For DPPH (2-diphenyl-1-picrylhydrazyl) assay, a stable 126.8 μM DPPH (100% pu-rity, Sigma-Aldrich, Burlington, MA, USA) solution was prepared in methanol [45]. A volume of 290 μL of the DPPH solution was transferred to a test tube and mixed with 20 μL of the plant-derived nanoparticle extract. The absorbance was read at 515 nm (Spectro-star Nano, BMG Labtech microplate reader, Ortenberg, Germany) at 16^th-min intervals. DPPH free radical scavenging activity was expressed as mmol of DPPH per 1 g of dry plant weight (µmol g^–1 DW) or per plant-derived nanoparticle preparation, isolated from 1 g of dry plant weight.

The ABTS (2,2′-azino-bis (3-ethylbenzothiazoline-6-sulphonic acid)) radical cation was obtained by incubating the 7 mM ABTS stock solution with 2.45 mM potassium persulfate K₂S₂O₈ for 12–16 h in the dark before use [46]. Thereafter, 20 μL of the prepared sample was mixed with 290 μL of diluted (1:7) ABTS solution and the absorbance was measured after 11 min (plateau phase) at 734 nm (Spectrostar Nano, BMG Labtech microplate reader, Ortenberg Germany). The ABTS scavenging activity of medicinal plant material and plant-derived nanoparticle extracts was calculated as the difference between the initial absorbance and after reacting for 11 min, and the final result was expressed as mmol ABTS scavenged by 1 g of dry plant weight (µmol g^–1 DW) or by plant-derived nanoparticle preparation, isolated from 1 g of dry plant weight.

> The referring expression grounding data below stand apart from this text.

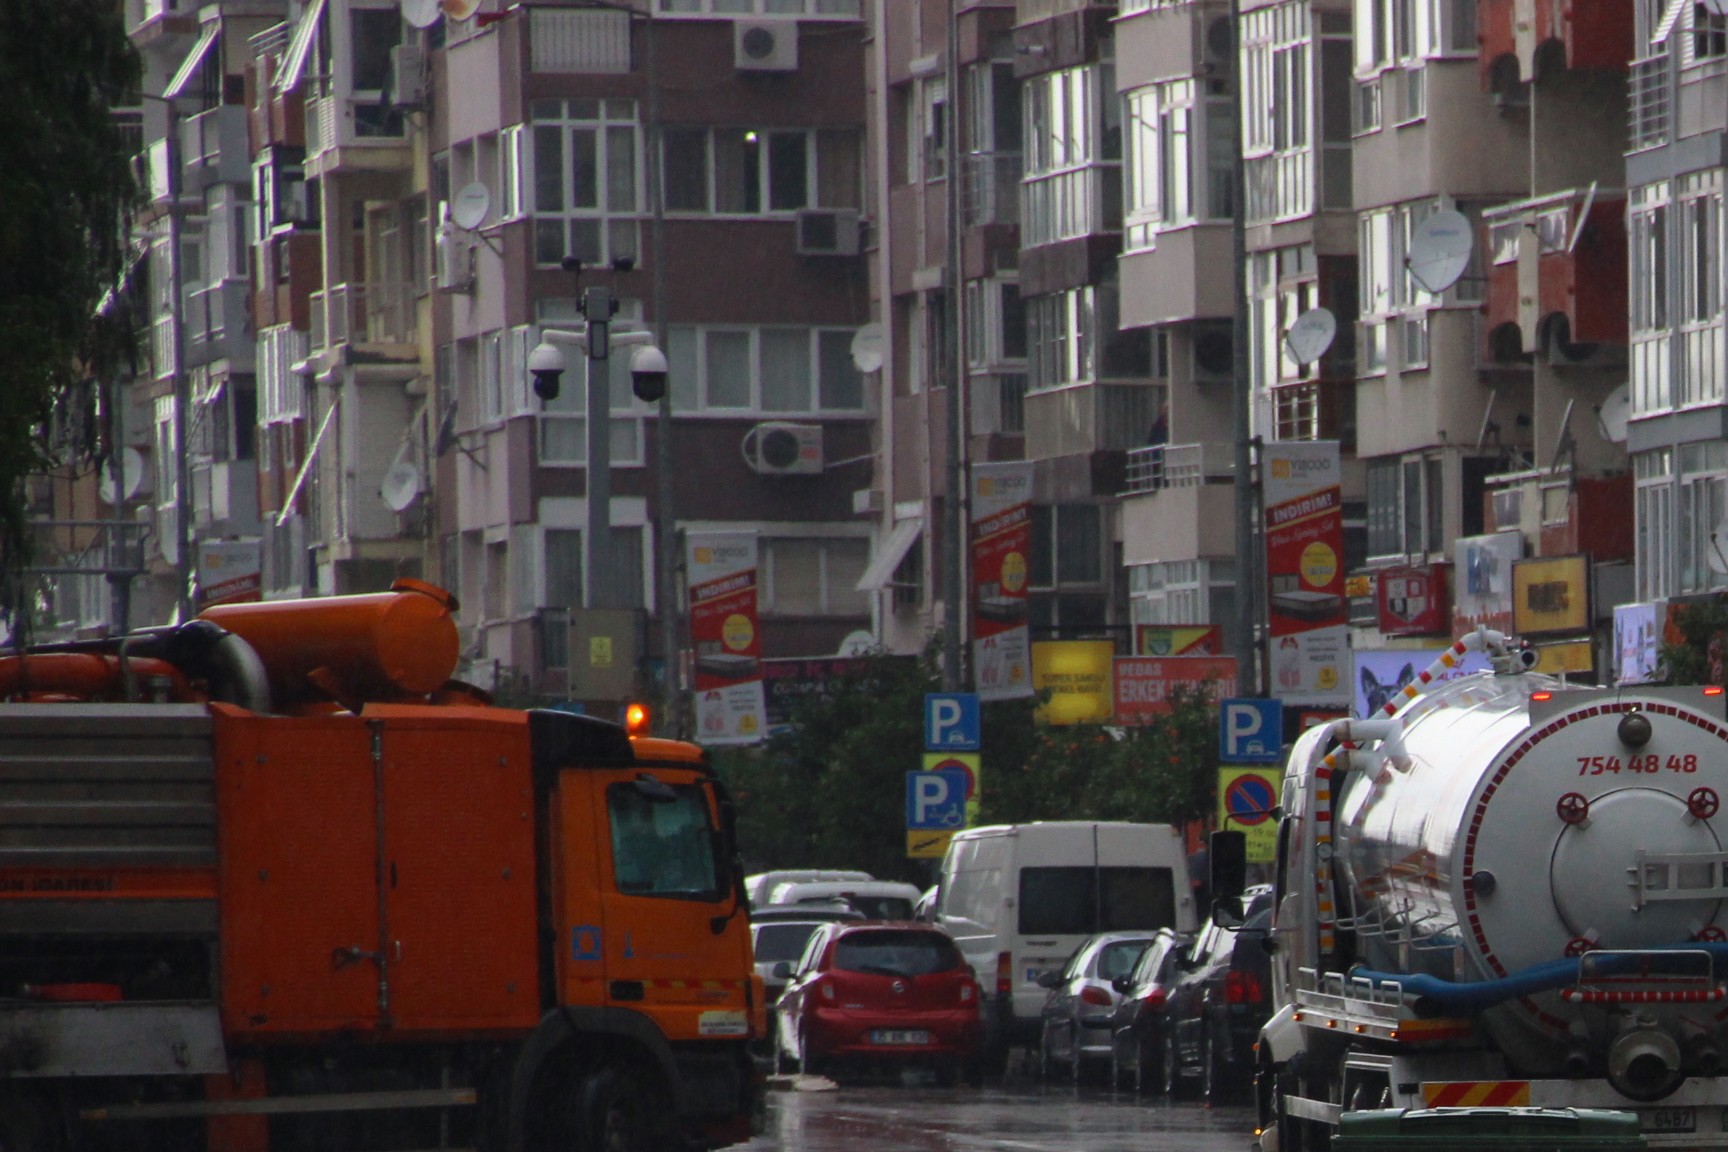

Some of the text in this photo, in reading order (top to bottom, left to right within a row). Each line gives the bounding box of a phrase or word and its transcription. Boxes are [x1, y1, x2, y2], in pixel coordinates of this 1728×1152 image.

[1119, 678, 1166, 703] ERKEK
[931, 699, 962, 745] P
[1227, 704, 1262, 755] P
[1577, 754, 1698, 776] 754 48 48
[915, 776, 948, 823] P
[1654, 1110, 1691, 1127] 6487

The FRAP (ferric reducing antioxidant power) method is based on plant extract antioxidant power to reduce ferric ion (Fe³⁺) to ferrous ions (Fe²⁺). The fresh working solution was prepared by mixing 300 mM of pH 3.6 acetate buffer, 10 mM TPTZ (2,4,6-tripyridyl-s-triazine) solution in 40 mM HCl, and 20 mM FeCl₃ × 6H₂O at 10:1:1 (v/v/v) [47]. A volume of 20 µL of the sample was mixed with 290 μL of working solution and incubated in the dark for 30 min. Then, absorbance was read at 593 nm (Spectrostar Nano BMG Labtech microplate reader, Germany). A calibration curve was determined using 0.005–0.5 mM Fe₂(SO₄)₃ (Iron (III) sulphate (97% purity, Sigma-Aldrich, Burlington, MA, USA). The antioxidant power was expressed as µmol of Fe²⁺ reduced by g⁻¹ of dry plant weight (DW, or by plant-derived nanoparticle preparation, isolated from 1 g of plant DW).

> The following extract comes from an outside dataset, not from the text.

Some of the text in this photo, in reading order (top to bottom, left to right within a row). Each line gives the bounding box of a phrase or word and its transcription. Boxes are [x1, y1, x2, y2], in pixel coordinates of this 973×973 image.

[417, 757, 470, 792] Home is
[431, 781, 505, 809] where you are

Statistical analysis. Nanoparticles were isolated from plant material in 3 replications. The results are presented as the average of 5 (NTA analysis) or 3 (antioxidant activity, protein content) ± standard deviation (SD). For result modelling, ANOVA analysis using Tukey’s test at the confidence level p ≤ 0.05, correlation analysis, and multivariate principal component analysis (PCA) were performed. Data were evaluated using MS Excel and compatible XLStat 2021.5 (Addinsoft, Paris, France) software packages.

5. Conclusions

Plant-derived nanovesicle preparations can be obtained from the abundance of plant resources; however, vesicle characteristics must be evaluated individually for their safety and efficiency because their numbers, size distribution, and antioxidant activity vary significantly between plant species and will be affected by the phytochemical properties of the source plant material. Compared to other investigated plants, nanoparticle preparations from Artemisia absinthium were distinguished by remarkably higher yield and concentration, while the highest antioxidant activity of plant-derived nanoparticle preparations per weight and per particle was determined to occur in Chelidonium majus and Hypericum perforatum samples. Nanovesicle yield, particle concentration, and antioxidant content should be assessed together. Results expressed through particle concentration provide more accurate insights when compared to direct parameters. Therefore, intensive studies of plant extracellular vesicle biogenesis and composition are urgently required to define positive and negative biomarkers for plant exosomes, ectovesicles, and other extracellular vesicle subclasses.